51
The hotel has a shuttle that Cletus' family paid for since enough of the wedding guests are staying in the same place. Reid and I cram inside it, filing into a back corner. Too many people squeeze in so my knee is pressed into his and I'm sure he's rather uncomfortable pinned between me and the window. We had to abandon the rental car back at the wedding venue, but so long as we pick it up early in the morning, no one will care. Stéphane will drive me to pick it up, I'm sure.
People are still having fun on the bus. As much as I rag on Cletus, his family knows how to have a good time. Guests are singing, kissing, and laughing, and people are drunk but no one is throwing up. It doesn't take more than ten minutes to get to the hotel, but I don't mind the moment.
Soon enough, we load off and into the parking lot.
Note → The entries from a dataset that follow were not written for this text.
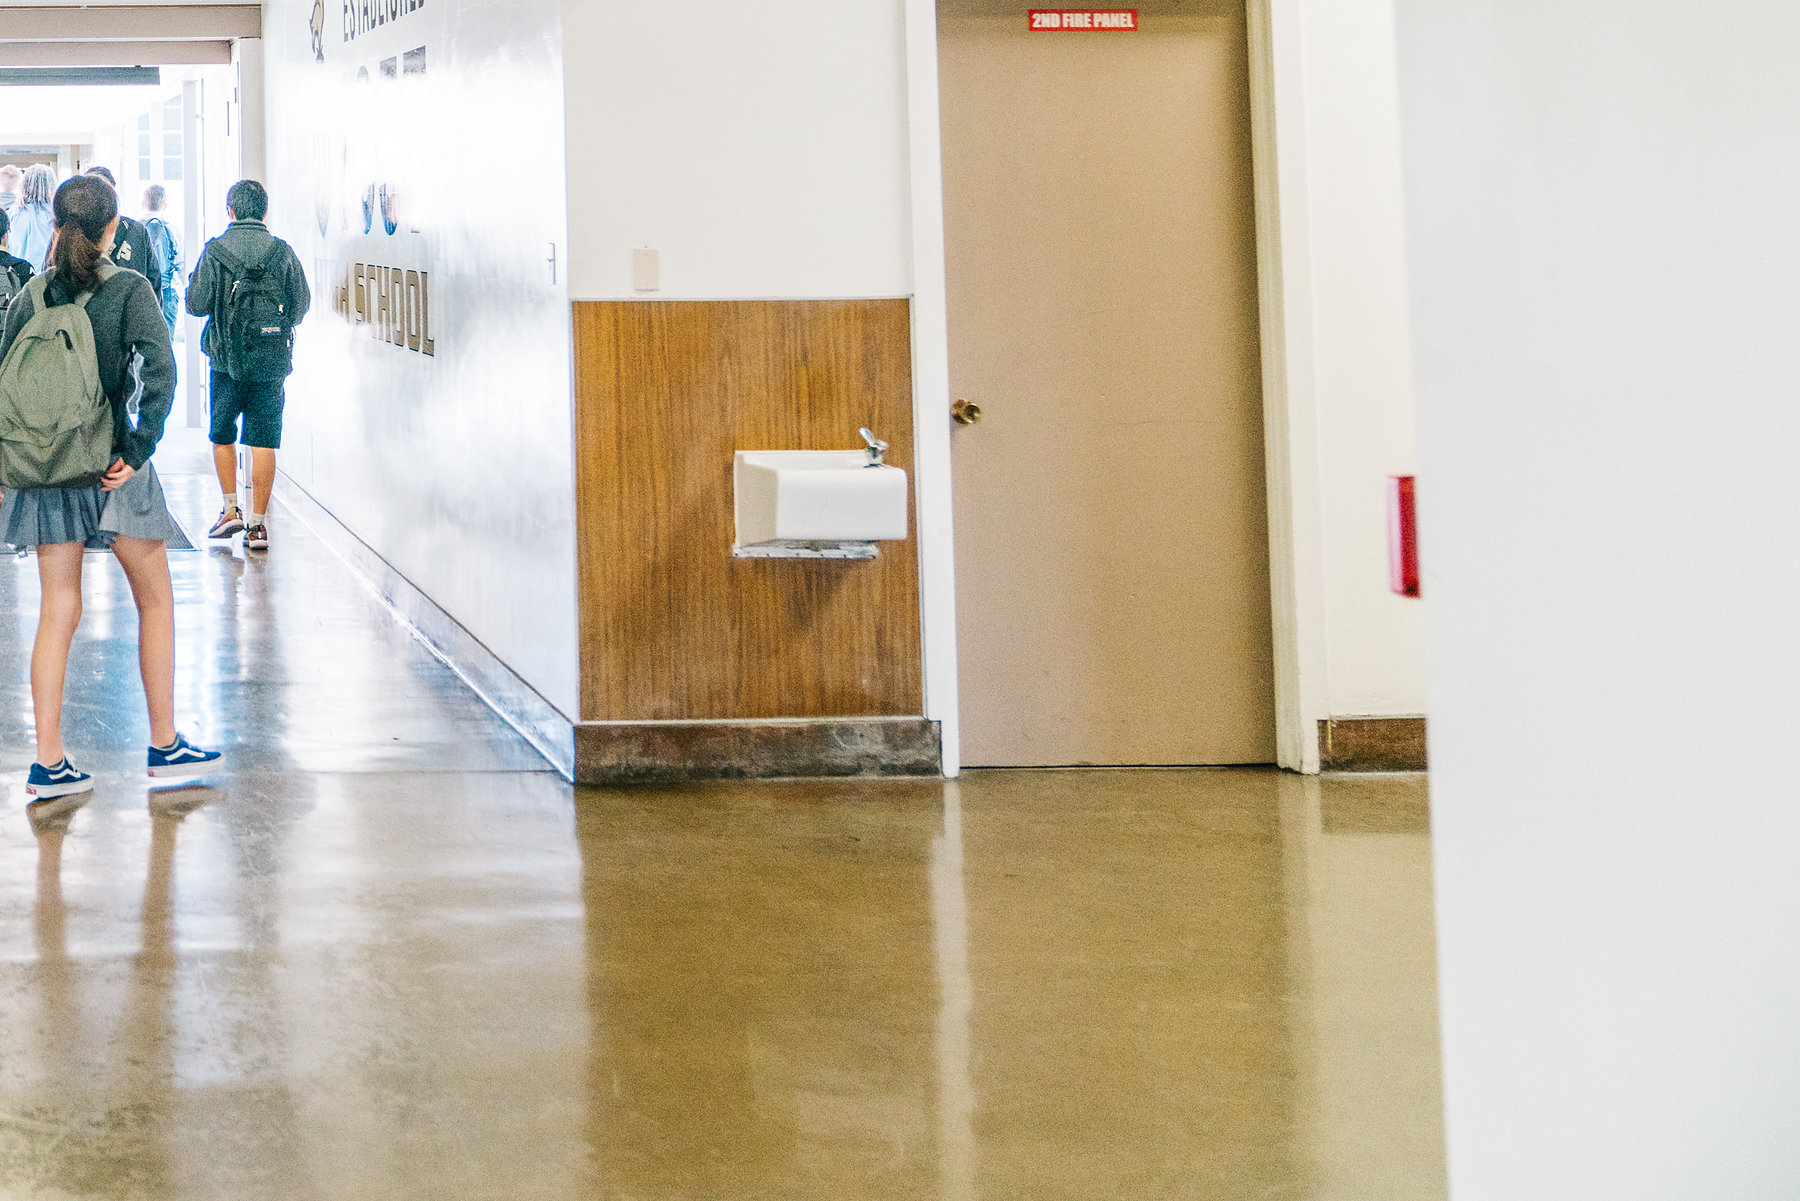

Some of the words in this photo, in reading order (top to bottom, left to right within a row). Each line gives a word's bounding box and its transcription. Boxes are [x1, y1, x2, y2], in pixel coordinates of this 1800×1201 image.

[1031, 12, 1061, 28] 2ND
[1062, 12, 1092, 28] FIRE
[1093, 12, 1135, 28] PANEL
[353, 262, 435, 358] SCHOOL
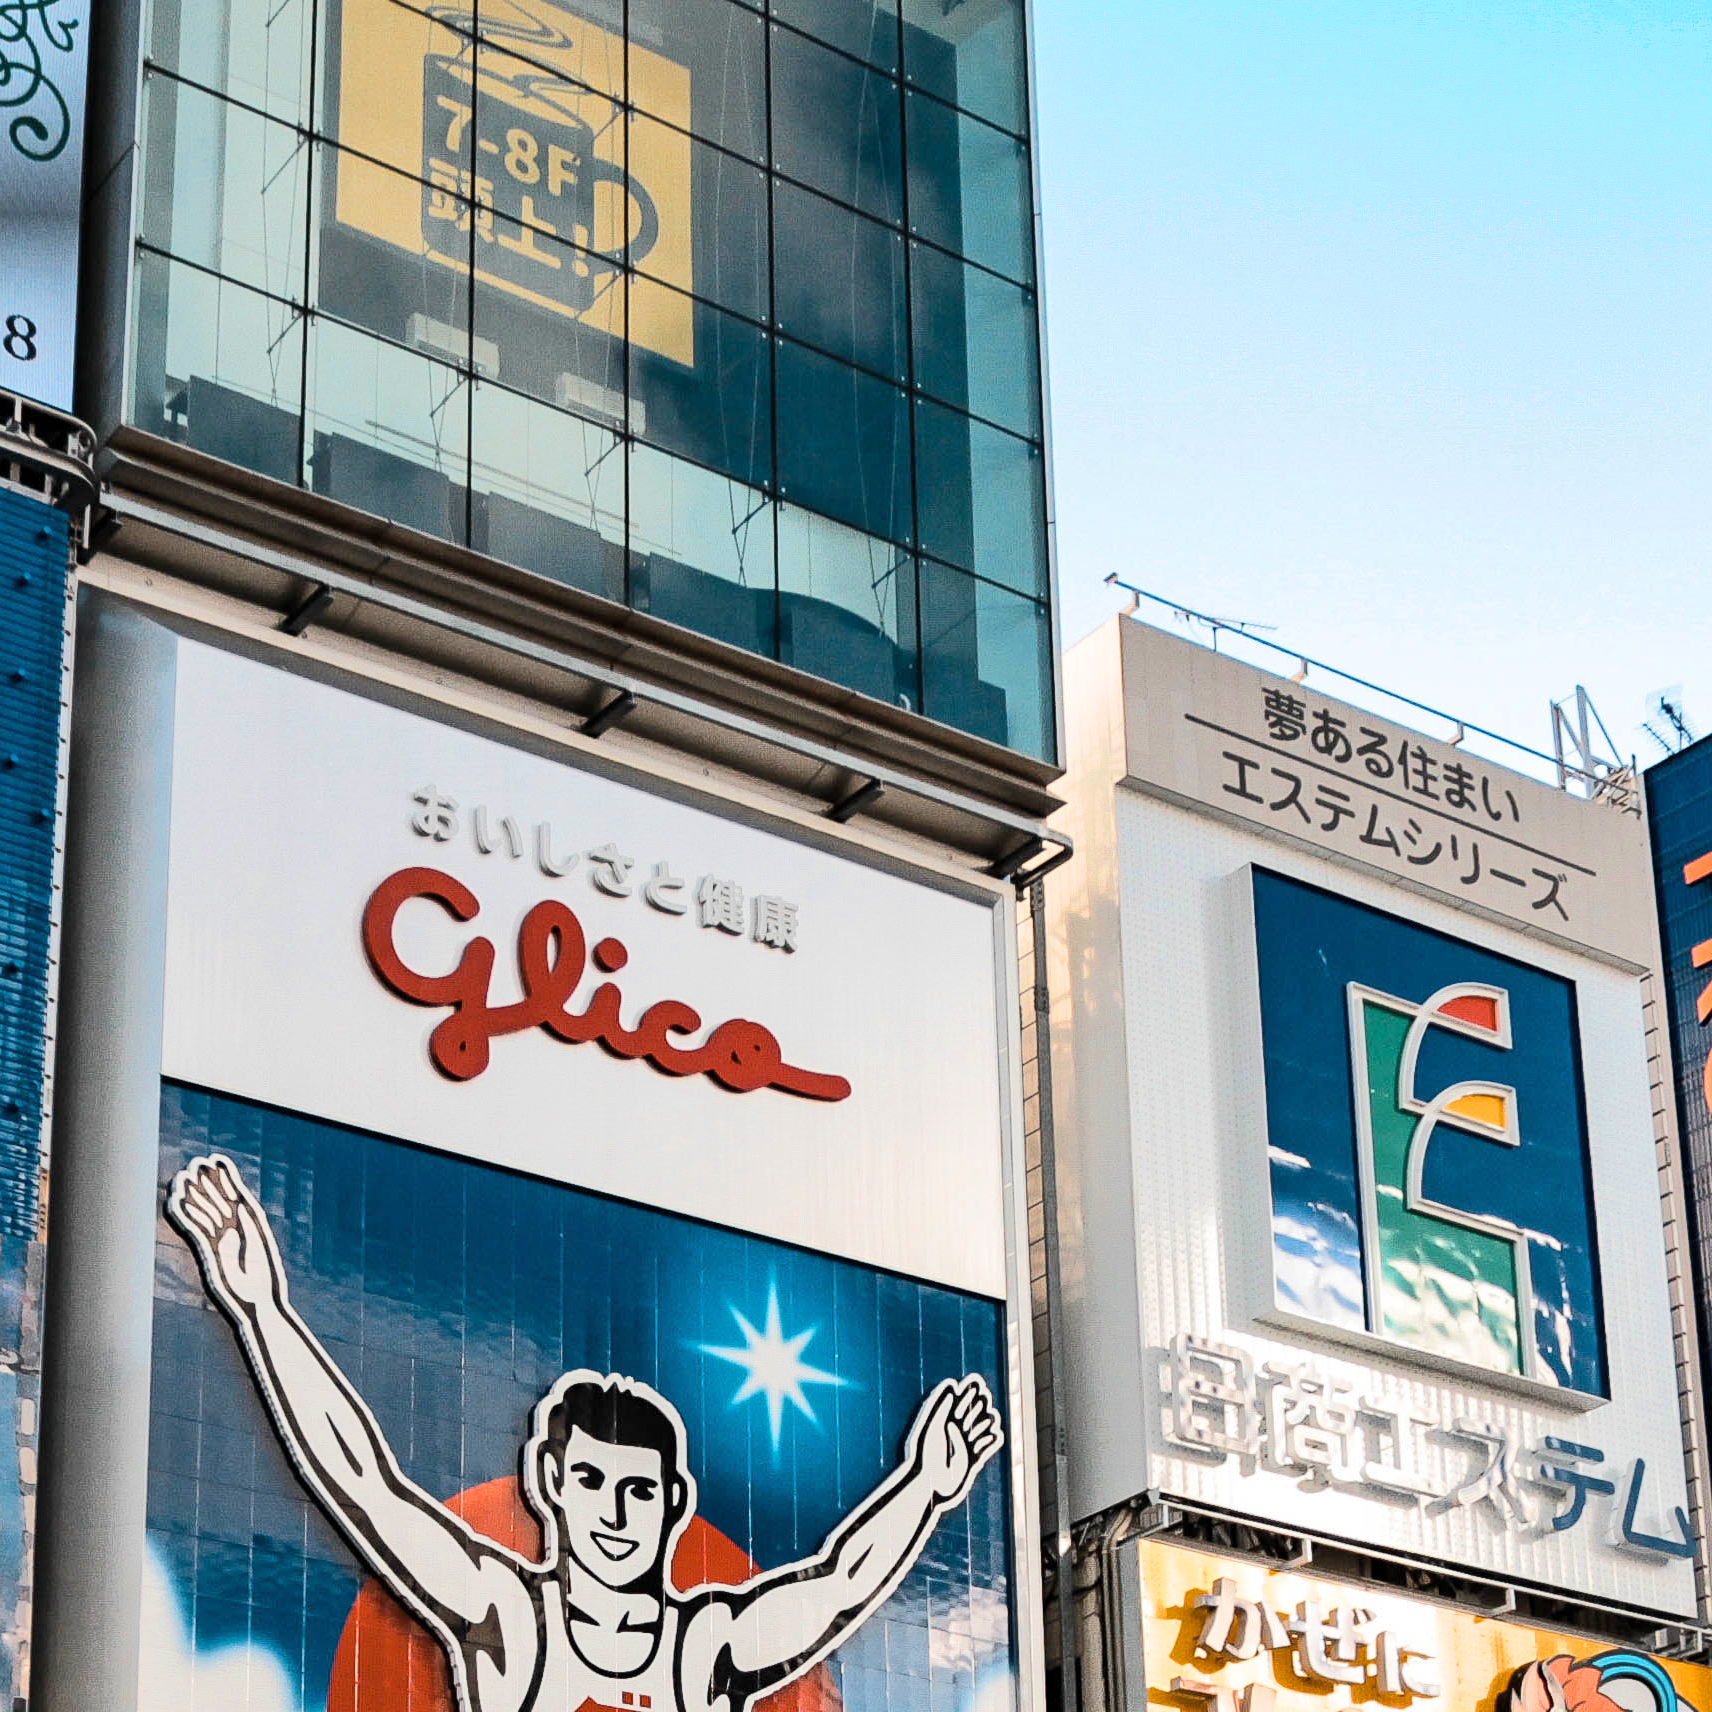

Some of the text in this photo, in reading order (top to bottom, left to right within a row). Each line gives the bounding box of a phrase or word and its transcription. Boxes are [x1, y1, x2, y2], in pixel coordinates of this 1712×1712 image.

[427, 156, 590, 278] 頭上!
[435, 94, 580, 198] 7-8F
[1261, 686, 1520, 823] 夢ある住まい
[410, 784, 800, 954] おいしさと健康
[1221, 750, 1569, 923] エステムシリーズ
[361, 866, 853, 1104] Glico
[1160, 1334, 1697, 1560] 日商エステム
[1191, 1576, 1441, 1698] かぜに
Men stumble on the concrete, laughing and pushing one another. Women take off the heels of their shoes and whine about their aching toes. I marvel at the sight. My brothers are there too, Bastien holding Stéphane in a headlock while flirting with a bridesmaid. Decidedly she's not his date, nor the secret boyfriend I suspect he's hiding somewhere, but he's twenty-two and allowed to not have his shit together. I don't either.
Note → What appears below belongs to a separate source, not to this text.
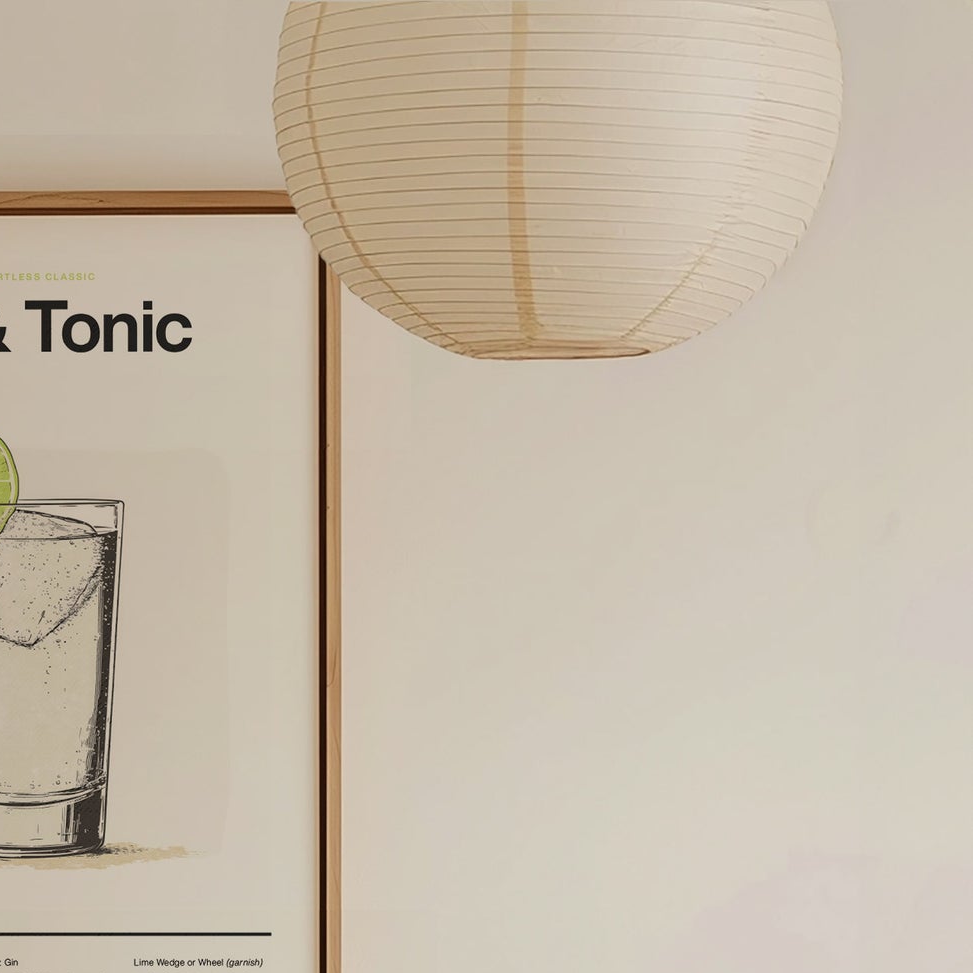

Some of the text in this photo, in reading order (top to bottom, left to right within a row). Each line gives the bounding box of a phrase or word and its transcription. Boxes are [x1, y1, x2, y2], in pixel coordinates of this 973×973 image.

[44, 271, 97, 282] CLASSIC
[24, 299, 193, 354] Tonic
[3, 957, 19, 967] Gin
[133, 957, 265, 969] Lime Wedge or Wheel (garnish)
Reid's arm grazes against mine. I look up at him.
"I'm not sure how they still have energy," I gesture over to my brother's bigger and broader than me, swinging at each other wildly.
He looks at them all, "high intensity exercise can make it more difficult to fall asleep. They all seem intoxicated though, so I doubt they will continue to make a ruckus much longer."
"I'm not waiting up for them," I feel myself yawn.
Reid shows me the way into the hotel. He got the room number from someone else, but we have to grab our stuff from the initial room still. Reid and I make it out there before Cletus' parents come. I wait in front of the door.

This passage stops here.